### [ACTIVITY]
Retype the listing below line for line, but only from the line with "this 1500×999 image." down to the line with "this 2000×1333 image.", inclusive. Pictures stay out.

====

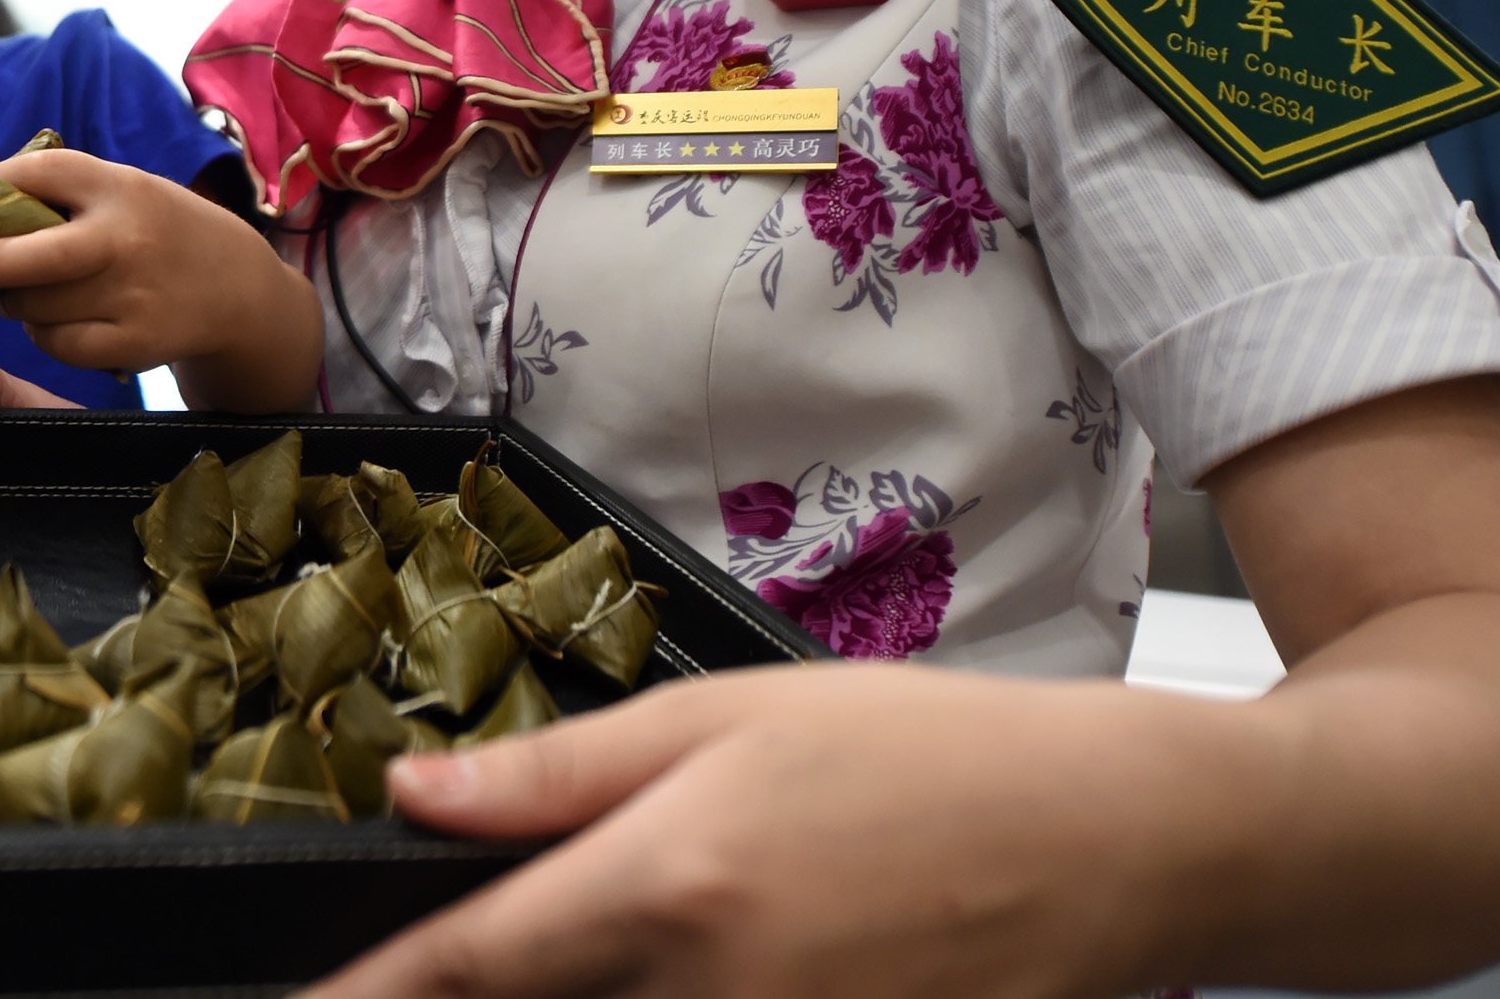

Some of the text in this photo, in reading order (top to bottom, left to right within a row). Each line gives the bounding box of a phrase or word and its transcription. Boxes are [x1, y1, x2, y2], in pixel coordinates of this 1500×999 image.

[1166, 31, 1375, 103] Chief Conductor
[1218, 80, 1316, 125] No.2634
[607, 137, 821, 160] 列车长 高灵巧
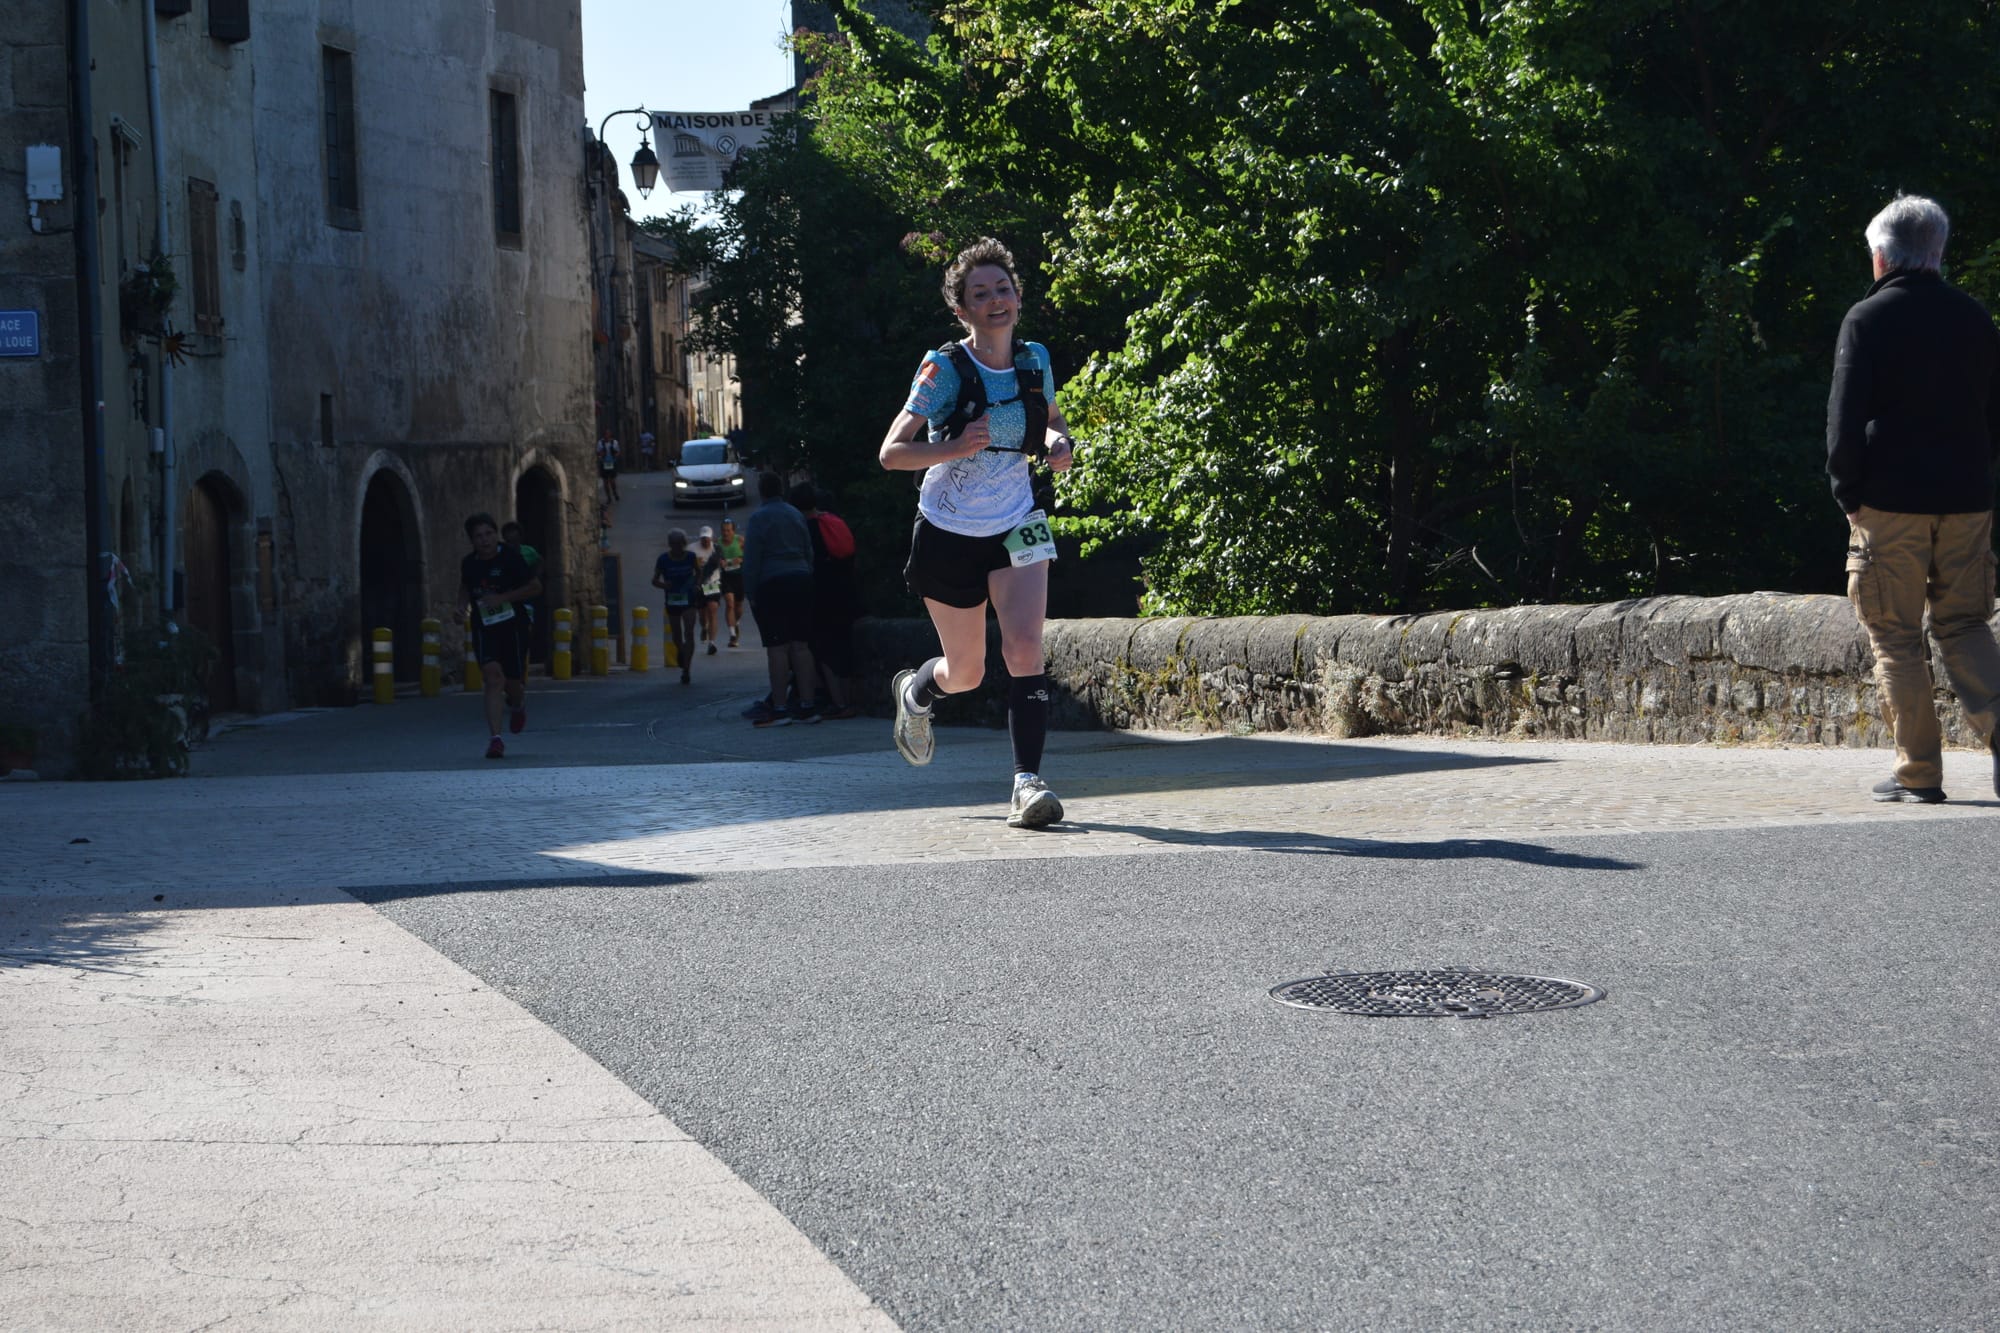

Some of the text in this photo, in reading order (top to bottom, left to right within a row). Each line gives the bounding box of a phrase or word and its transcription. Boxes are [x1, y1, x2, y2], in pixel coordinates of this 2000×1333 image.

====

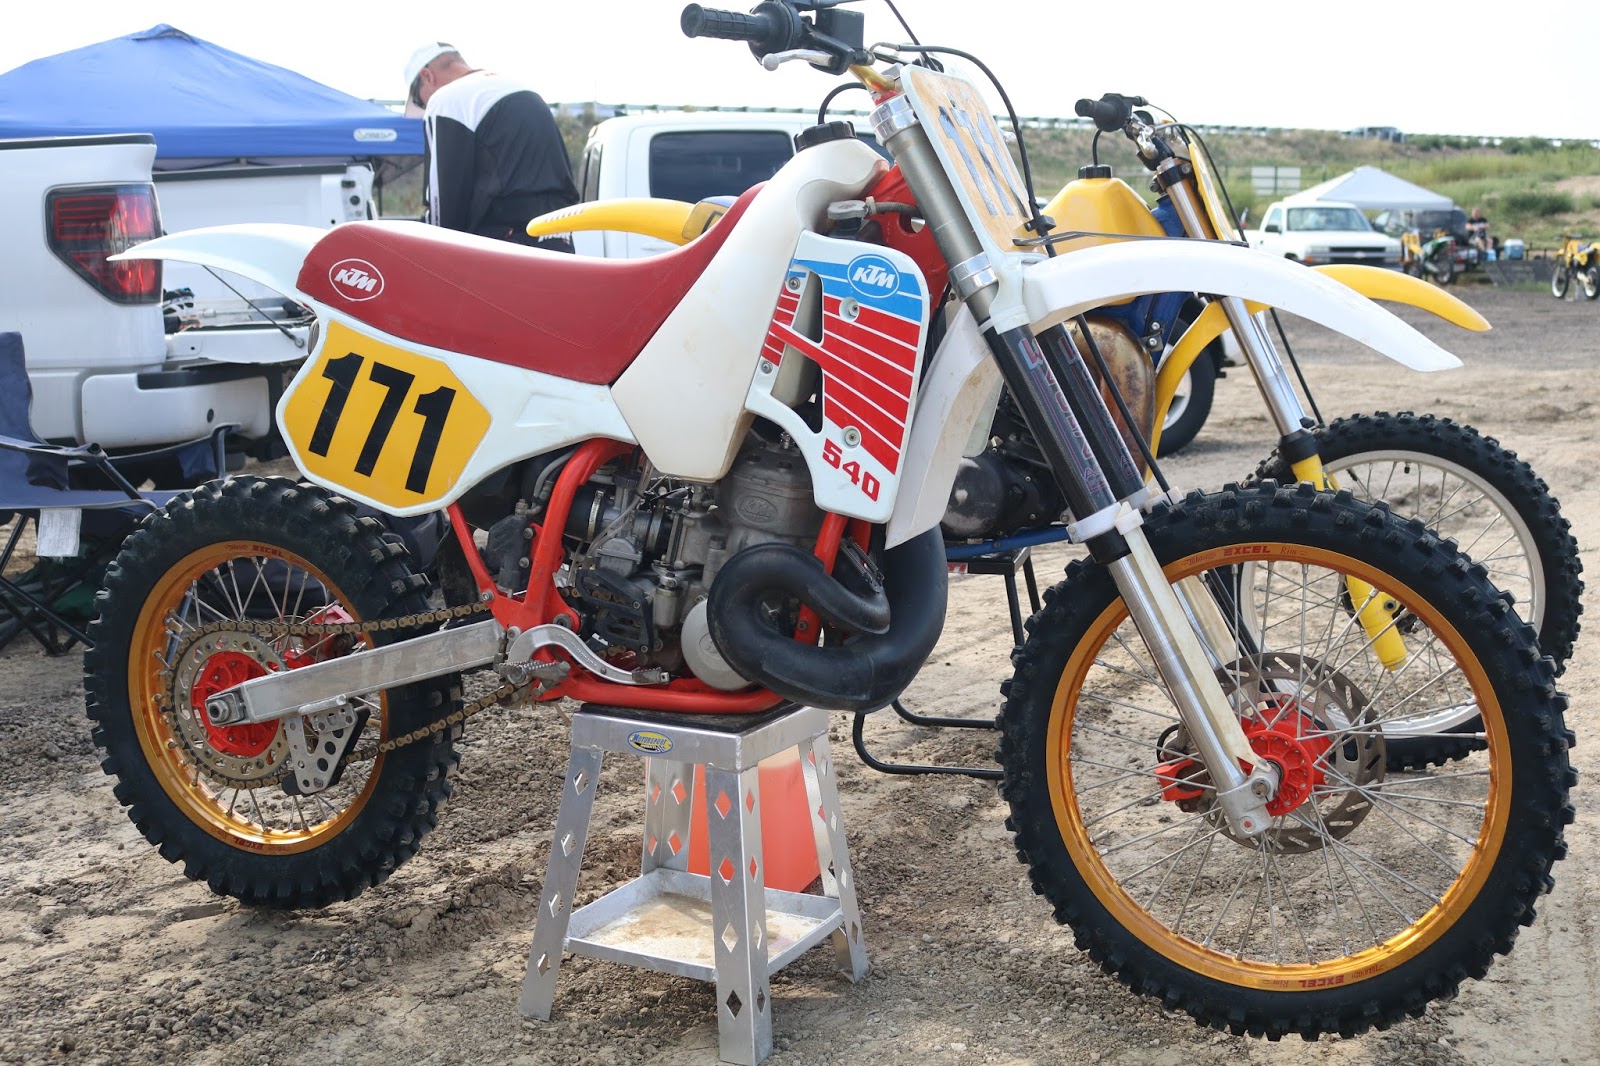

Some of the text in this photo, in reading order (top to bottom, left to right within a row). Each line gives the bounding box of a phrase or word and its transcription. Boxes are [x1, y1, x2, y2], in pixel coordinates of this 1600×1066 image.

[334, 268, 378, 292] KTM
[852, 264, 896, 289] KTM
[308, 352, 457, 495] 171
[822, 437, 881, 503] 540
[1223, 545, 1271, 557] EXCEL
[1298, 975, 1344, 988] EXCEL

====

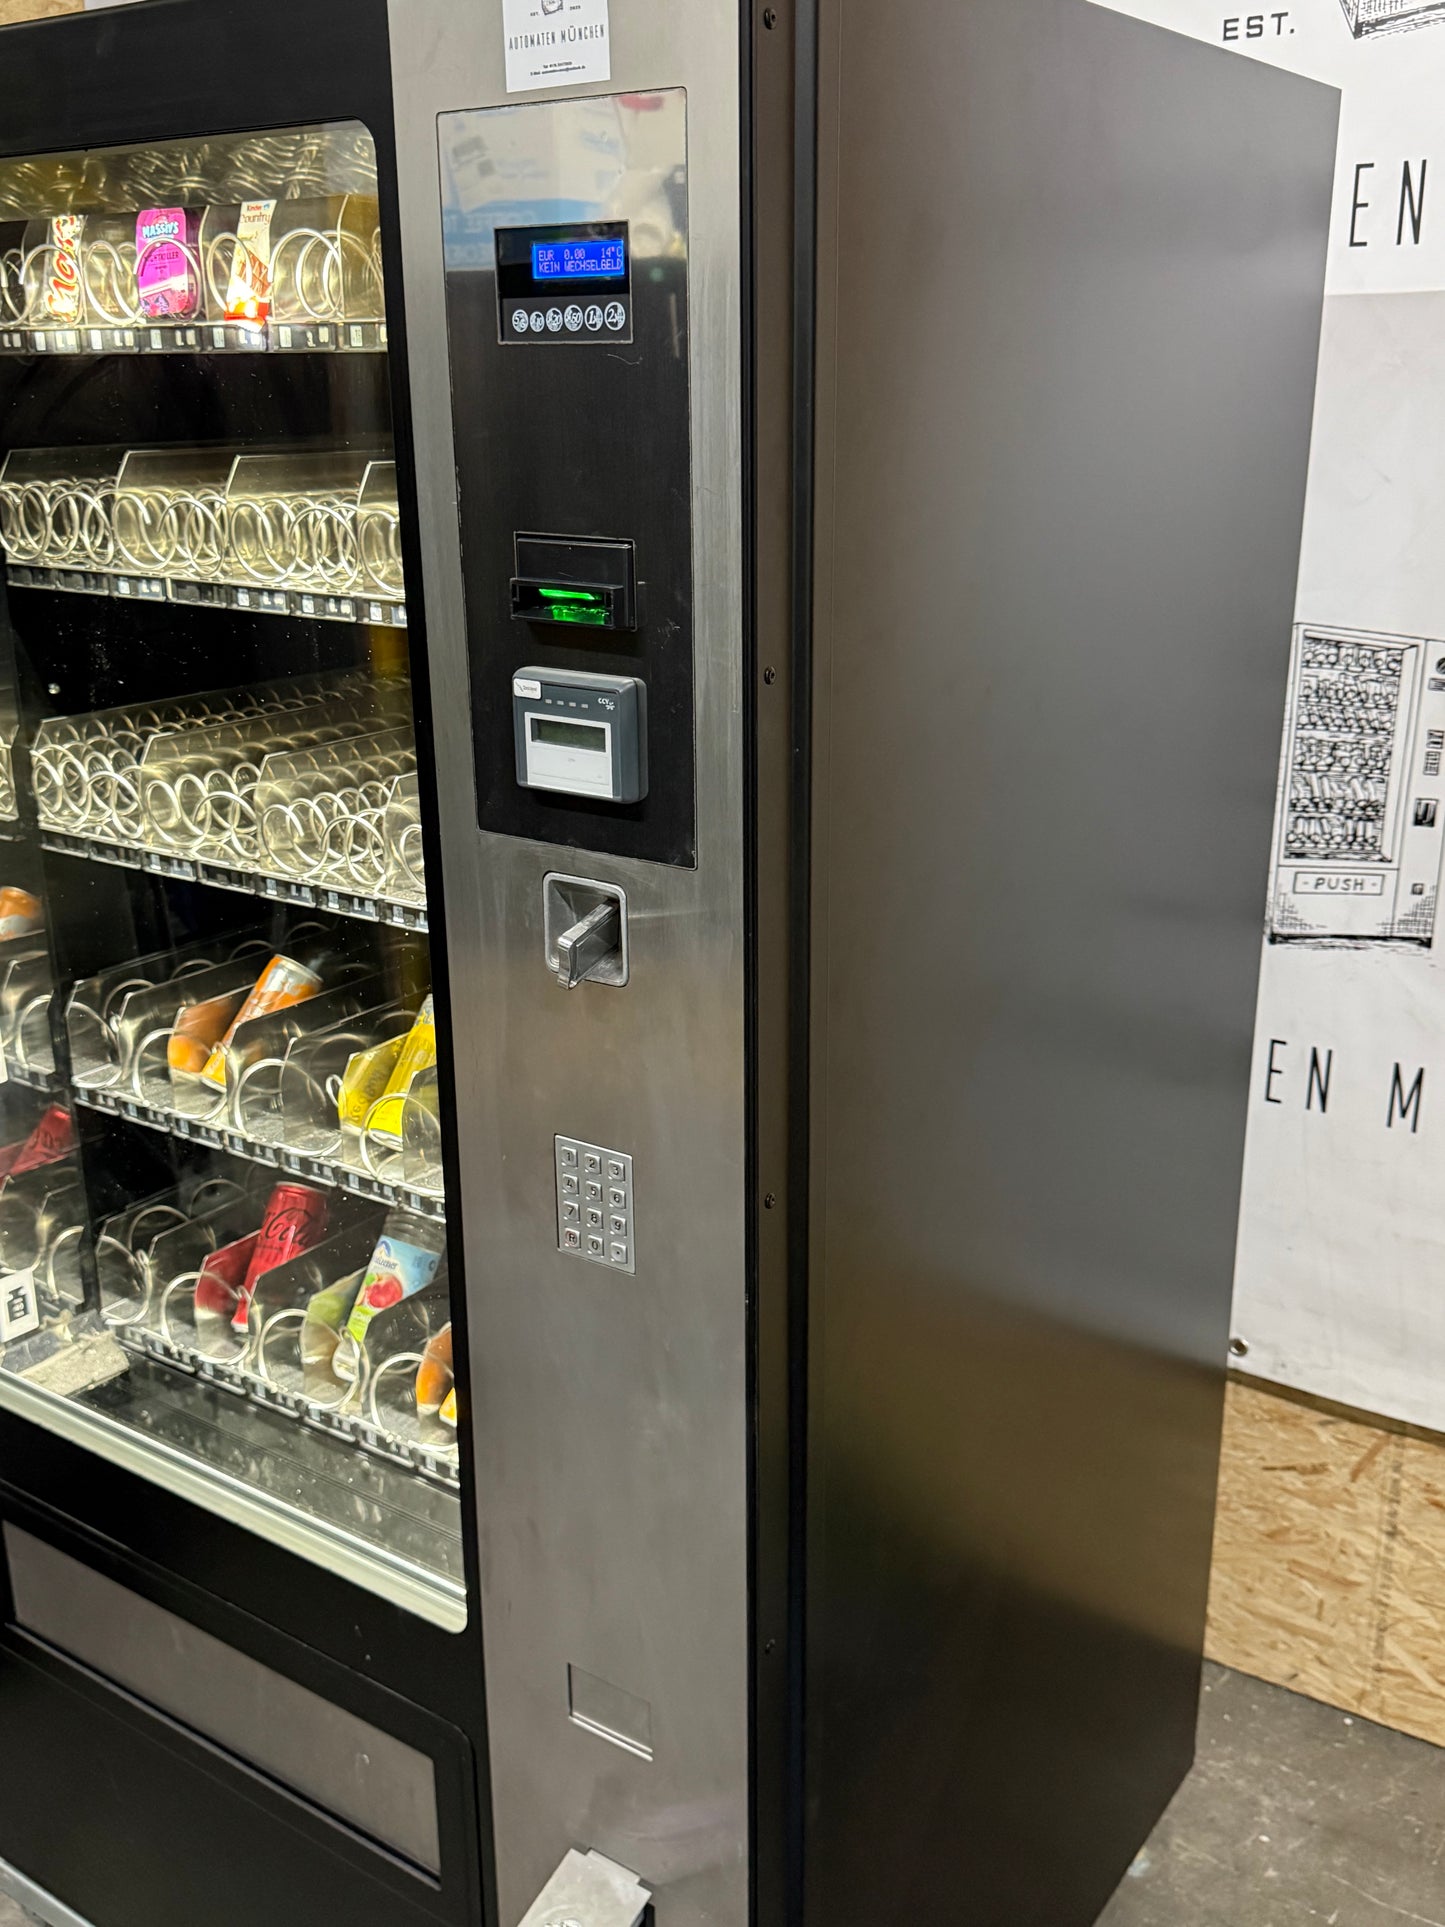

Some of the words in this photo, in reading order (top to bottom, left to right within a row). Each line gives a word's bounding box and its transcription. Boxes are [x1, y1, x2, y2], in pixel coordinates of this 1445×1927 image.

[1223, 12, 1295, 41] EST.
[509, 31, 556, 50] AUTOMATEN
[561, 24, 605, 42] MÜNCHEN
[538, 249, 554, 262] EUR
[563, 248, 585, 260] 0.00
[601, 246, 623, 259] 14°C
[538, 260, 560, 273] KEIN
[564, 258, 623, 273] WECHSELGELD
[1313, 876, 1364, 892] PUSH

====

### [ANSWER BOX]
Some of the text in this photo, in reading order (top to bottom, left to right within a row). Each line gives the bounding box of a phrase or word and its transcription. Boxes are [x1, y1, x2, y2], in pixel coordinates of this 1500×999 image.

[1166, 31, 1375, 103] Chief Conductor
[1218, 80, 1316, 125] No.2634
[607, 137, 821, 160] 列车长 高灵巧

Some of the text in this photo, in reading order (top to bottom, left to right within a row). Each line gives the bounding box of a phrase or word and its transcription. Boxes are [x1, y1, x2, y2], in pixel coordinates of this 2000×1333 image.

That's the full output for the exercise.